# [WHAT IS NEEDED]
All lines from the one with "this 1200×1813 image." through the end of the records below are to be given again exactly, and nothing else.

# [SOURCE MATERIAL]
====================

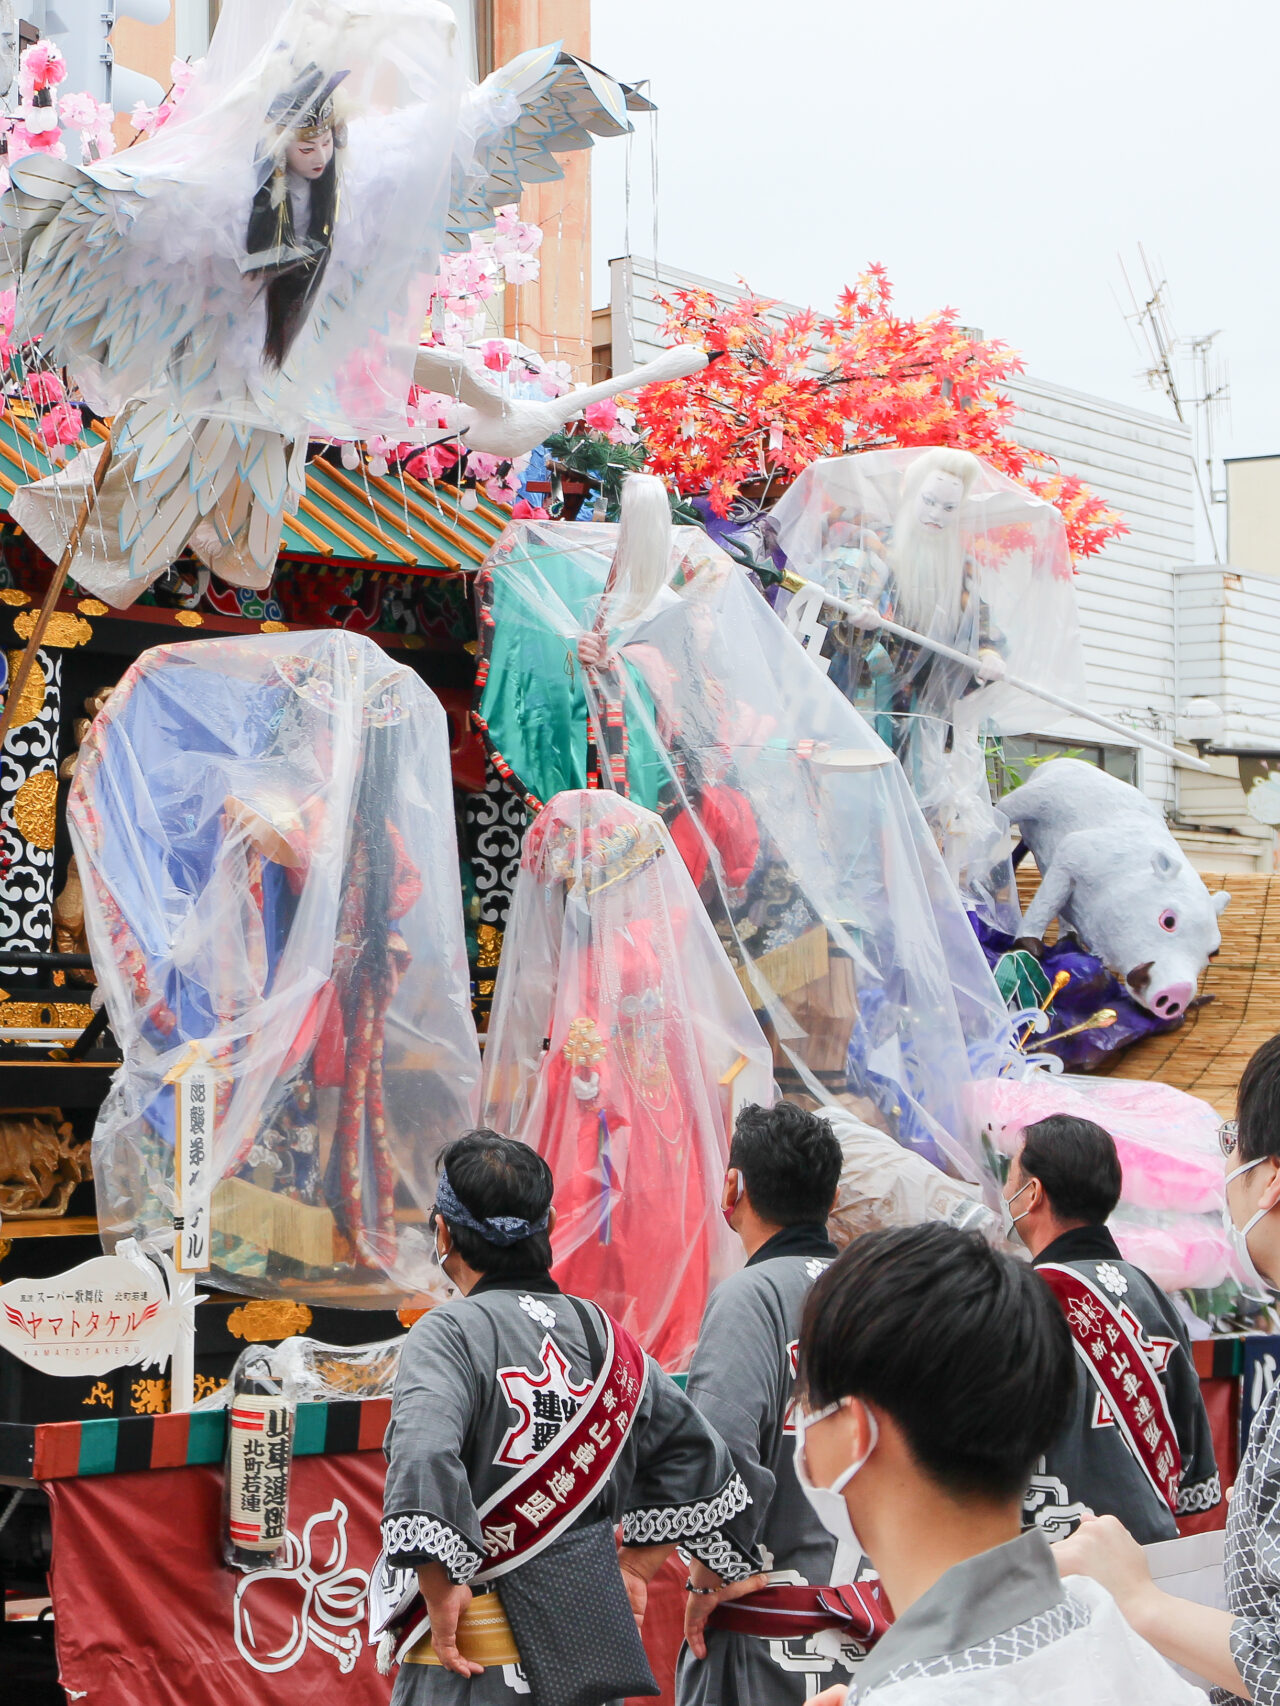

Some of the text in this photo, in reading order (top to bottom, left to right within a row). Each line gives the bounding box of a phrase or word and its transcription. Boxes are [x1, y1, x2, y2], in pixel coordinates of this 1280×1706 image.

[37, 1289, 104, 1304] スーパー歌舞伎
[27, 1309, 141, 1340] ヤマトタケル
[240, 1438, 266, 1513] 北町若連
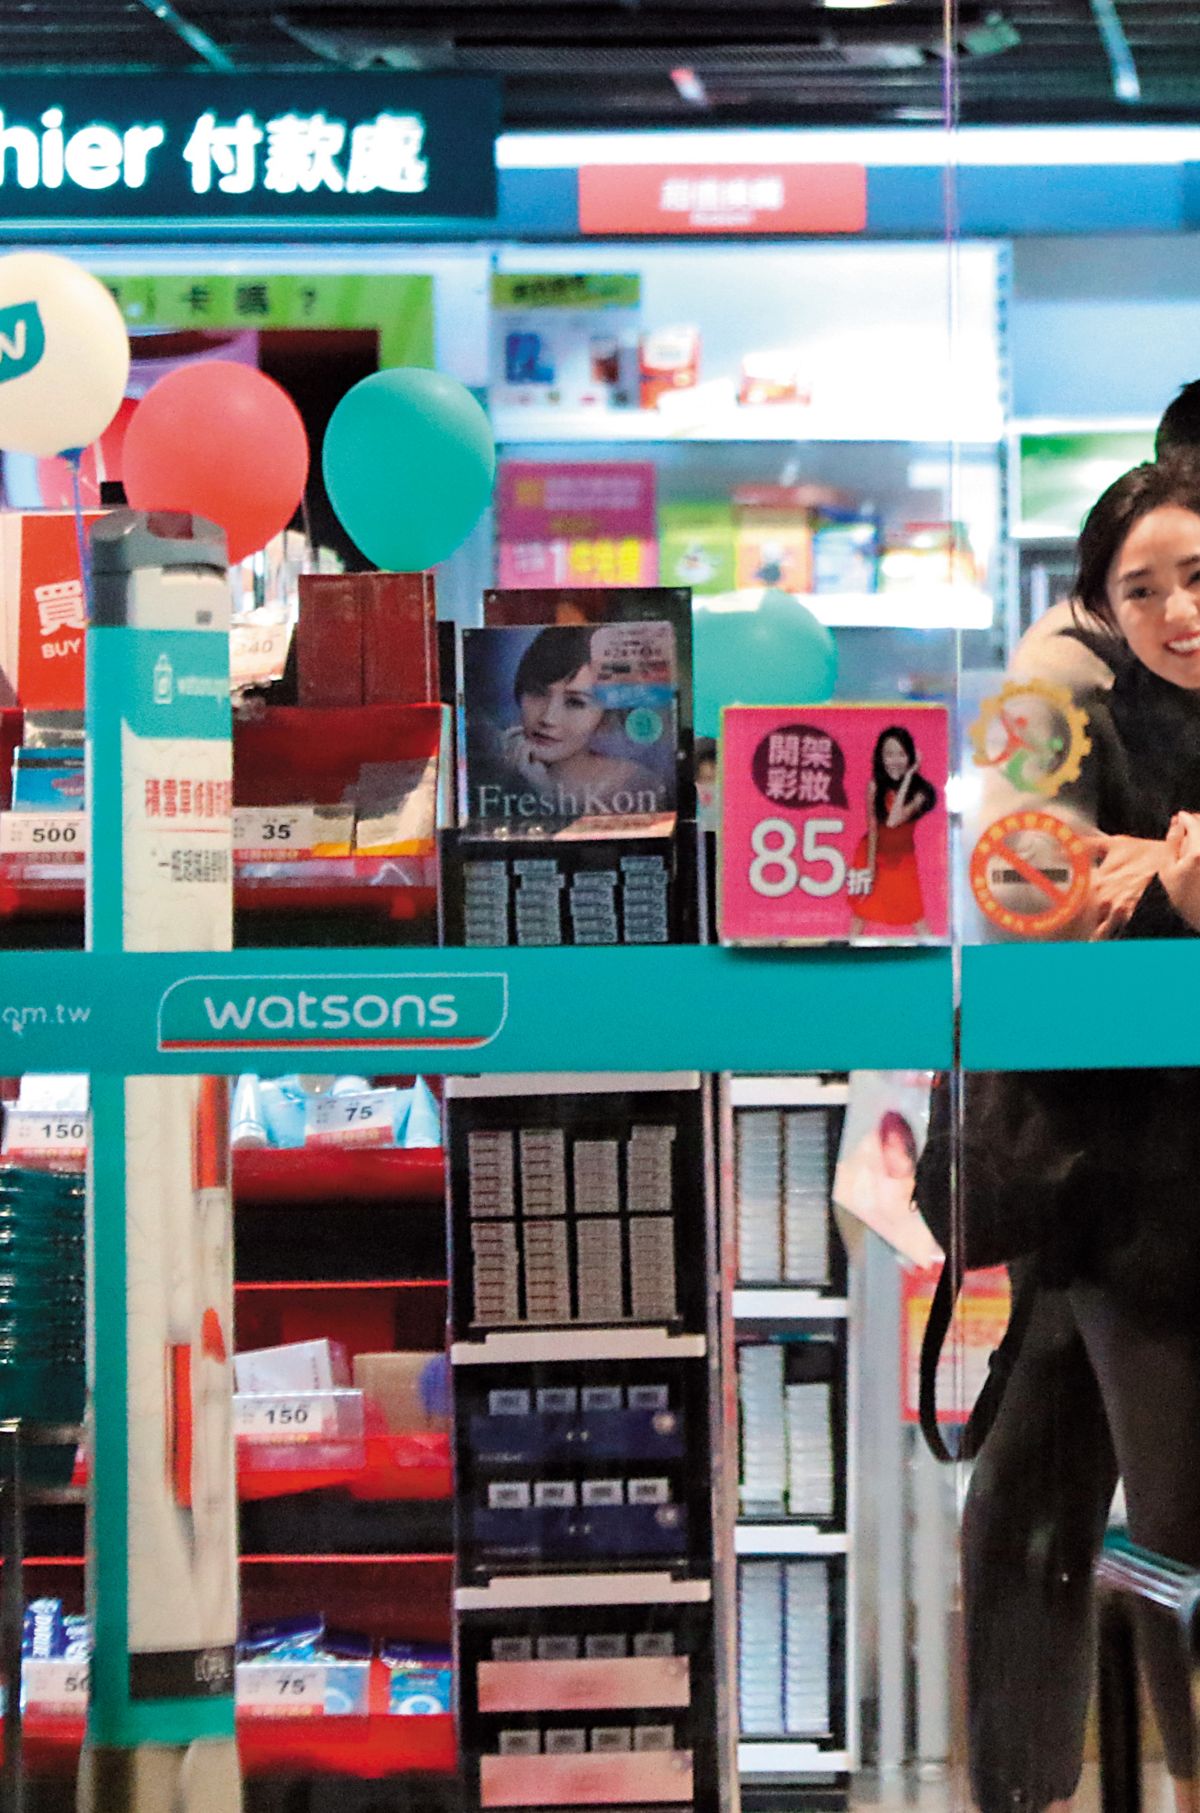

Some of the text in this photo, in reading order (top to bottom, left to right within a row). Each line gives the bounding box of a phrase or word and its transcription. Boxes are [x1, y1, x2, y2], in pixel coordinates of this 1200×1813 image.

[183, 110, 428, 194] 付款處
[33, 579, 89, 636] 買
[41, 637, 81, 659] BUY
[768, 733, 832, 769] 開架
[766, 768, 831, 803] 彩妝
[33, 827, 76, 842] 500
[262, 824, 291, 839] 35
[204, 991, 458, 1030] watsons
[345, 1105, 373, 1122] 75
[42, 1123, 84, 1139] 150
[266, 1409, 308, 1424] 150
[276, 1679, 305, 1695] 75

====================

# [RESPONSE]
Some of the text in this photo, in reading order (top to bottom, left to right within a row). Each line gives the bounding box of a phrase or word and its transcription. Boxes are [x1, y1, x2, y2], in pixel coordinates of this 1200×1813 image.

[183, 110, 428, 194] 付款處
[33, 579, 89, 636] 買
[41, 637, 81, 659] BUY
[768, 733, 832, 769] 開架
[766, 768, 831, 803] 彩妝
[33, 827, 76, 842] 500
[262, 824, 291, 839] 35
[204, 991, 458, 1030] watsons
[345, 1105, 373, 1122] 75
[42, 1123, 84, 1139] 150
[266, 1409, 308, 1424] 150
[276, 1679, 305, 1695] 75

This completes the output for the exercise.